__Task objective__: Leaving out any pictures, print the entries that follow exactly as they stand.

__Provided data__:
# # # #
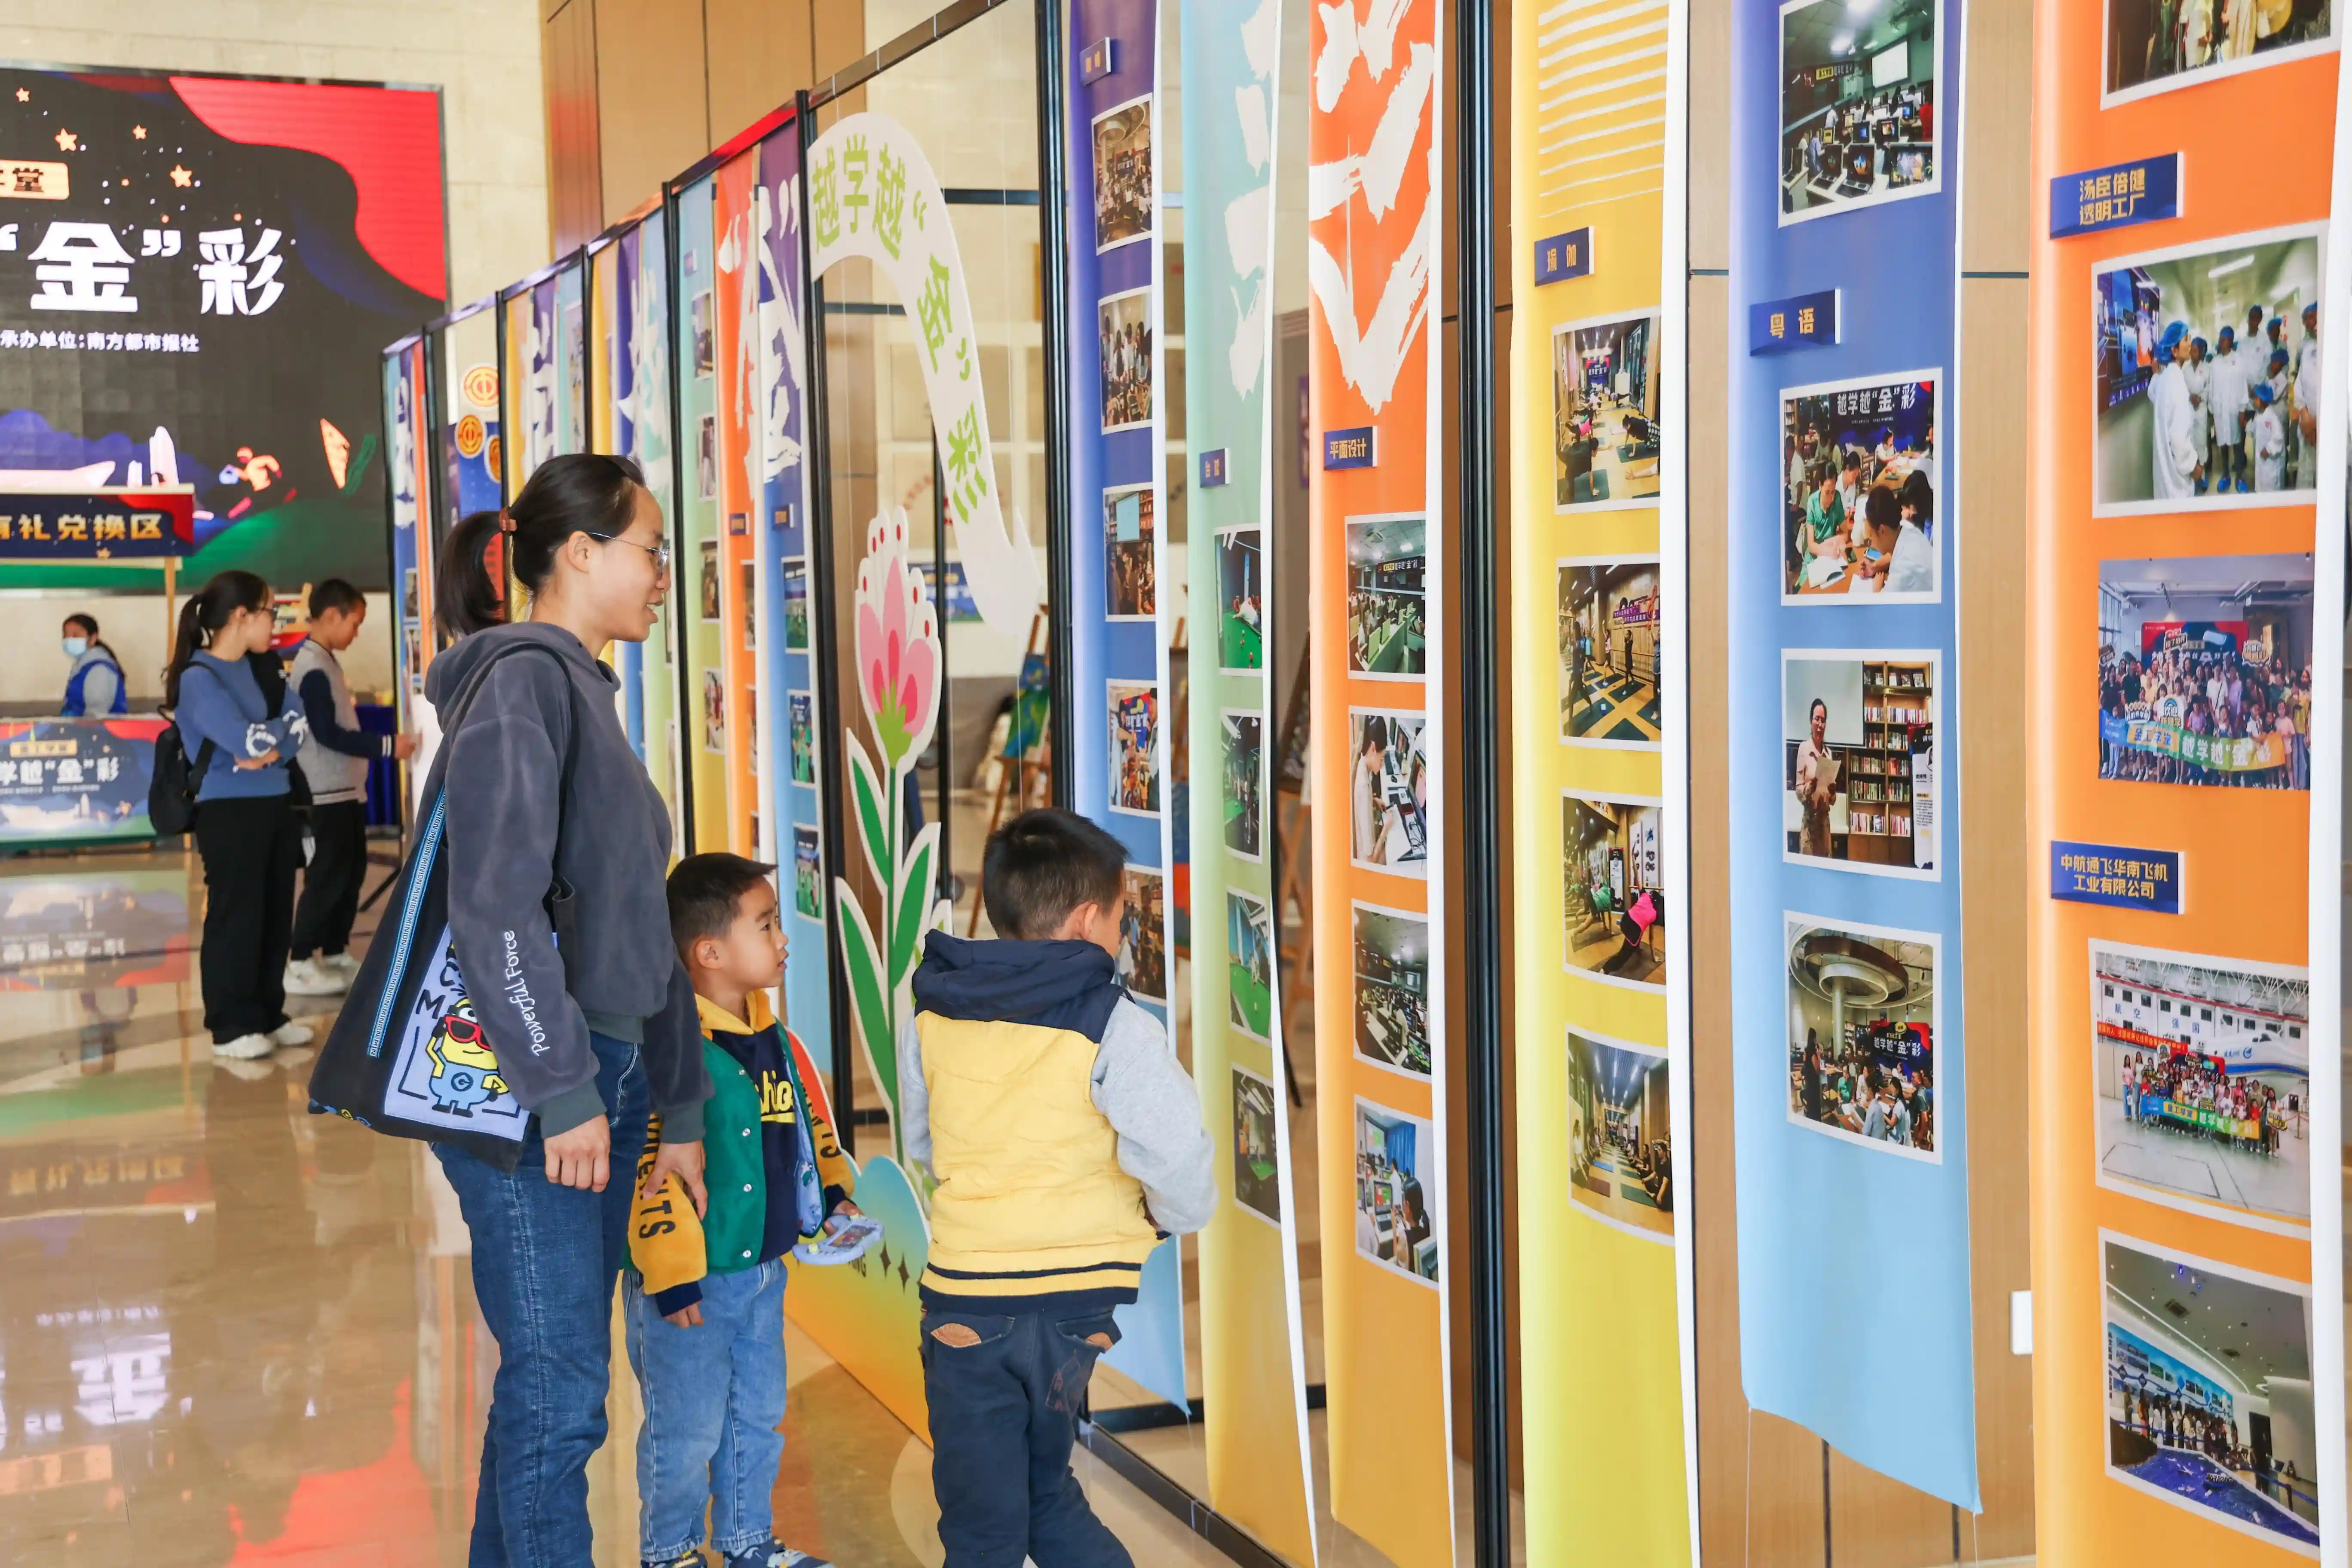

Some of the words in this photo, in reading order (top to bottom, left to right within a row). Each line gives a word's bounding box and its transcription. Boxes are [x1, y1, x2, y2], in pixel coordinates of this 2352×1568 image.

[2079, 167, 2145, 202] 汤臣倍健
[2079, 194, 2145, 225] 透明工厂
[1547, 244, 1577, 272] 瑜伽
[1770, 307, 1814, 339] 粤语
[1329, 436, 1367, 460] 平面设计
[2061, 854, 2168, 882] 中航通飞华南飞机
[2073, 875, 2155, 900] 工业有限公司
[504, 930, 523, 981] Force
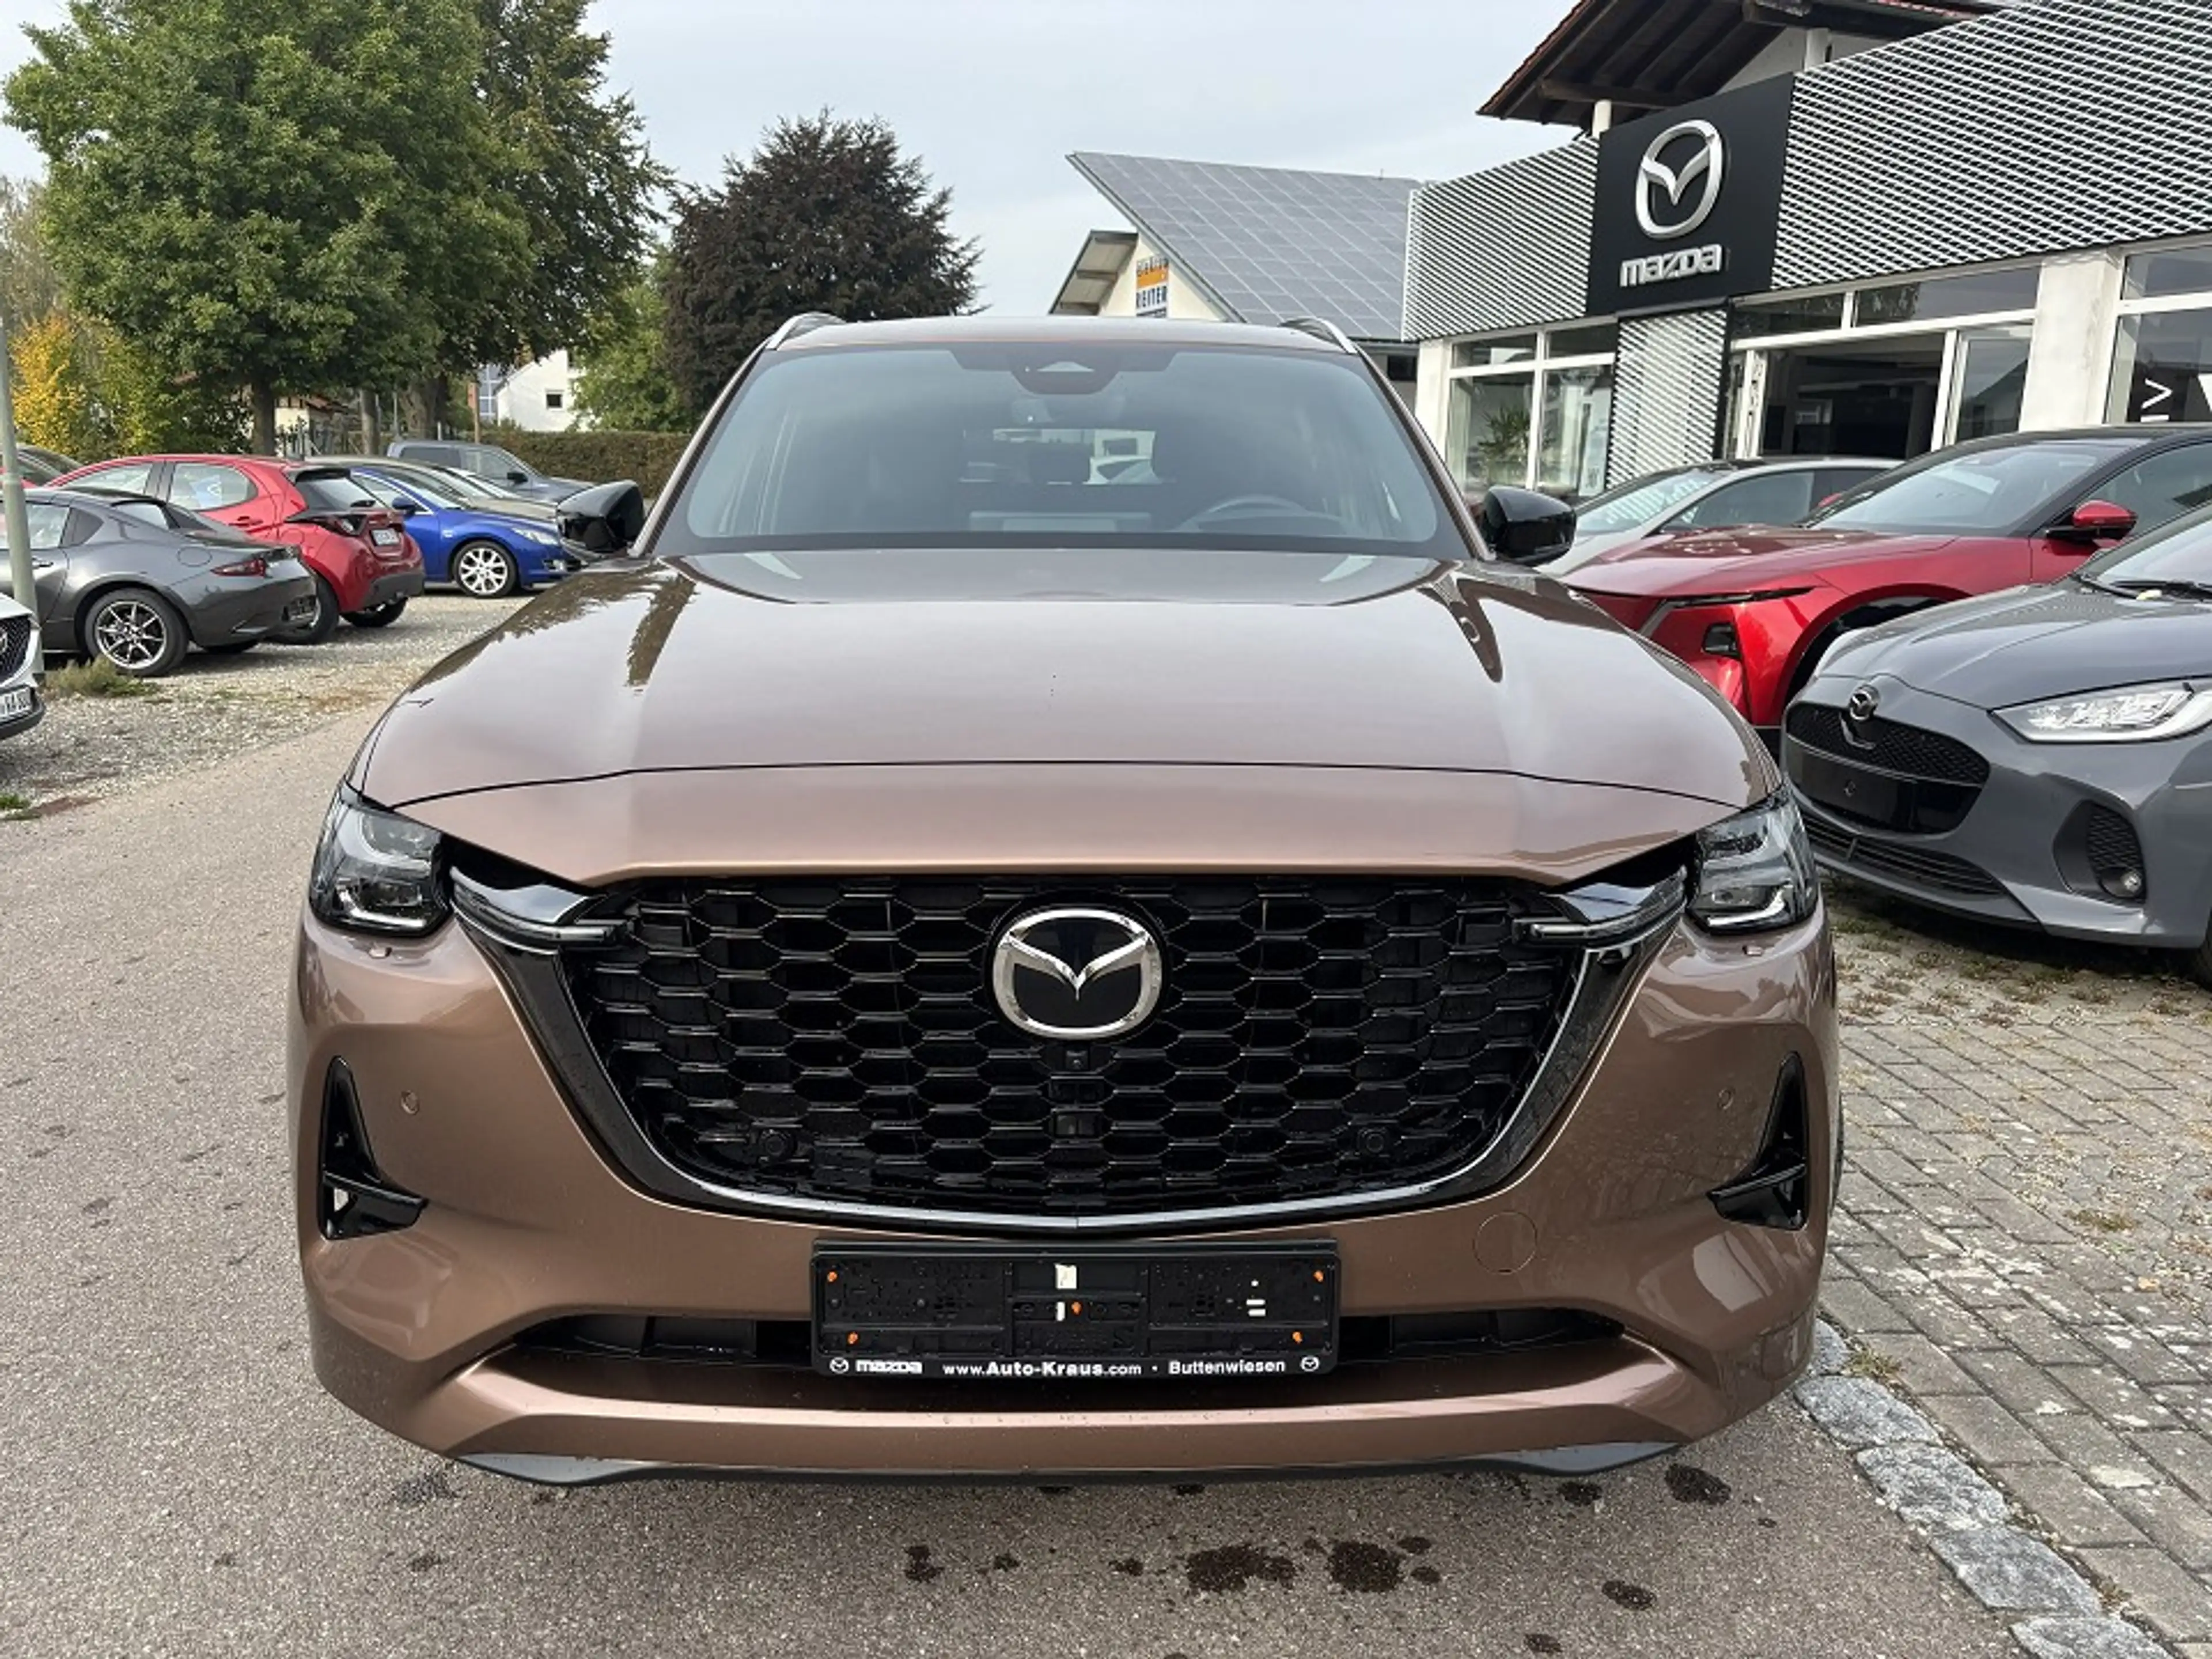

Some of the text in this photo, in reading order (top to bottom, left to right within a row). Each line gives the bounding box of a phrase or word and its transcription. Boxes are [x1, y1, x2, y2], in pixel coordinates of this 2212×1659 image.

[1619, 244, 1723, 287] mazda
[942, 1361, 1142, 1377] www.Auto-Kraus.com
[1168, 1359, 1286, 1375] Buttenwiesen
# # # #
__Written solution__:
Some of the words in this photo, in reading order (top to bottom, left to right within a row). Each line gives a word's bounding box and its transcription. Boxes are [x1, y1, x2, y2], in pixel coordinates of this 2352×1568 image.

[2079, 167, 2145, 202] 汤臣倍健
[2079, 194, 2145, 225] 透明工厂
[1547, 244, 1577, 272] 瑜伽
[1770, 307, 1814, 339] 粤语
[1329, 436, 1367, 460] 平面设计
[2061, 854, 2168, 882] 中航通飞华南飞机
[2073, 875, 2155, 900] 工业有限公司
[504, 930, 523, 981] Force

Some of the text in this photo, in reading order (top to bottom, left to right within a row). Each line gives the bounding box of a phrase or word and its transcription. Boxes are [x1, y1, x2, y2], in pixel coordinates of this 2212×1659 image.

[1619, 244, 1723, 287] mazda
[942, 1361, 1142, 1377] www.Auto-Kraus.com
[1168, 1359, 1286, 1375] Buttenwiesen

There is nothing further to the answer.